REQUIRED WORK:
At the line containing "this 1080×1858 image.", begin retyping, and continue word for word until the records below run out.

TASK INPUTS:
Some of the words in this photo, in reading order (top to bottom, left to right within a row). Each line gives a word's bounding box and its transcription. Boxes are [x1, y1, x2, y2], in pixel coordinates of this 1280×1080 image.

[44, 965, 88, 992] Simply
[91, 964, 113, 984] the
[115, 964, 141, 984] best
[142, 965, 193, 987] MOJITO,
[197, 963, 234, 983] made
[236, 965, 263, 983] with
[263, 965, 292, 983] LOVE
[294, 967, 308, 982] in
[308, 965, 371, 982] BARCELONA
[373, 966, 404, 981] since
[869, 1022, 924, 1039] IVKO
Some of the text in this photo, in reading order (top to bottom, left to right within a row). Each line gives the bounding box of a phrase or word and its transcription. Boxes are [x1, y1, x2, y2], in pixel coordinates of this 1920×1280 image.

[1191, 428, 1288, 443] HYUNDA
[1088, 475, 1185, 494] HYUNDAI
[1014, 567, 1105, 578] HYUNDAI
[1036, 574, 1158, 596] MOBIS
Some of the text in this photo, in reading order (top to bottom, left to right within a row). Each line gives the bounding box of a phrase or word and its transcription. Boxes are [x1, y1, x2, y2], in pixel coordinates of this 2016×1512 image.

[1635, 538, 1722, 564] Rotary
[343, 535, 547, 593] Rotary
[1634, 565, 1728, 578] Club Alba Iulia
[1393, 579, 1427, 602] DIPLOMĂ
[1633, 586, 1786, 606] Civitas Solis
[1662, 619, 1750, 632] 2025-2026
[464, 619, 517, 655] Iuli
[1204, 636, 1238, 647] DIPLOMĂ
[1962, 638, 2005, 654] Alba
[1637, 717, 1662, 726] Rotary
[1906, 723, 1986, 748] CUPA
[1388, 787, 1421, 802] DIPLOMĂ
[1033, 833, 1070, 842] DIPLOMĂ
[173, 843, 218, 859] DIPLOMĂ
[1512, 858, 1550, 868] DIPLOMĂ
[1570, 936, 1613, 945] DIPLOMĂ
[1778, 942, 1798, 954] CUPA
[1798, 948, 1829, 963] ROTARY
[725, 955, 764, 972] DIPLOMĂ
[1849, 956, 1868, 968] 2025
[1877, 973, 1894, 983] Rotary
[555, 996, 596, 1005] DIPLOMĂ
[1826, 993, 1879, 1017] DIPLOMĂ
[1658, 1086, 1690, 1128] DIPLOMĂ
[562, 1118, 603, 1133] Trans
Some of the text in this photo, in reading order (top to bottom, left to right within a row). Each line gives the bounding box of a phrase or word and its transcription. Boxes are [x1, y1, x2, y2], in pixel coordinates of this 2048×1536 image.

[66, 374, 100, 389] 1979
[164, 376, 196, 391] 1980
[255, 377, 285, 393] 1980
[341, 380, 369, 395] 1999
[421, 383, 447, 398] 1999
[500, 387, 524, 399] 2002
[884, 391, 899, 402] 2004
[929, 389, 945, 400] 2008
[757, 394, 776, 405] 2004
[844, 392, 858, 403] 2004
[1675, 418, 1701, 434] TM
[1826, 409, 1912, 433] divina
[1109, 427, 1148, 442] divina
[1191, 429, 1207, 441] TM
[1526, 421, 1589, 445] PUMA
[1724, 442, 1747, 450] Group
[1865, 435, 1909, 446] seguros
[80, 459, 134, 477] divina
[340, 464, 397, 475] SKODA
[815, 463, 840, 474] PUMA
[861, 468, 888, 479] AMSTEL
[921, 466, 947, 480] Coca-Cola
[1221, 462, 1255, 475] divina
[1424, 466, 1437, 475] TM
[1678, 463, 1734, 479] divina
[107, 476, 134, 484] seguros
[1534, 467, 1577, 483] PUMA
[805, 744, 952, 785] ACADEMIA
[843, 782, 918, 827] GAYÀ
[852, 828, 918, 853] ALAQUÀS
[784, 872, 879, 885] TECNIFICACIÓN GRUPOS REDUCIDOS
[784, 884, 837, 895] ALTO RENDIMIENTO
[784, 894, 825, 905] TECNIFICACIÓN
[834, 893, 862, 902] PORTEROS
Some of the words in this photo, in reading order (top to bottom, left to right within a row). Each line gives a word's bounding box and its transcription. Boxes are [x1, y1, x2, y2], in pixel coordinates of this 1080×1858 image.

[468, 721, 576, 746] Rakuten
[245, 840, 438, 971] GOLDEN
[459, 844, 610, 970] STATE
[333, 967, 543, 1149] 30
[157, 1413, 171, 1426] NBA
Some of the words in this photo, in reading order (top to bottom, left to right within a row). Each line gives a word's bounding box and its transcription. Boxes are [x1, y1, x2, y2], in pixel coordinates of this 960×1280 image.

RESULT OF THE TASK:
Some of the words in this photo, in reading order (top to bottom, left to right within a row). Each line gives a word's bounding box and its transcription. Boxes are [x1, y1, x2, y2], in pixel coordinates of this 1080×1858 image.

[468, 721, 576, 746] Rakuten
[245, 840, 438, 971] GOLDEN
[459, 844, 610, 970] STATE
[333, 967, 543, 1149] 30
[157, 1413, 171, 1426] NBA
Some of the words in this photo, in reading order (top to bottom, left to right within a row). Each line gives a word's bounding box and its transcription. Boxes are [x1, y1, x2, y2], in pixel coordinates of this 960×1280 image.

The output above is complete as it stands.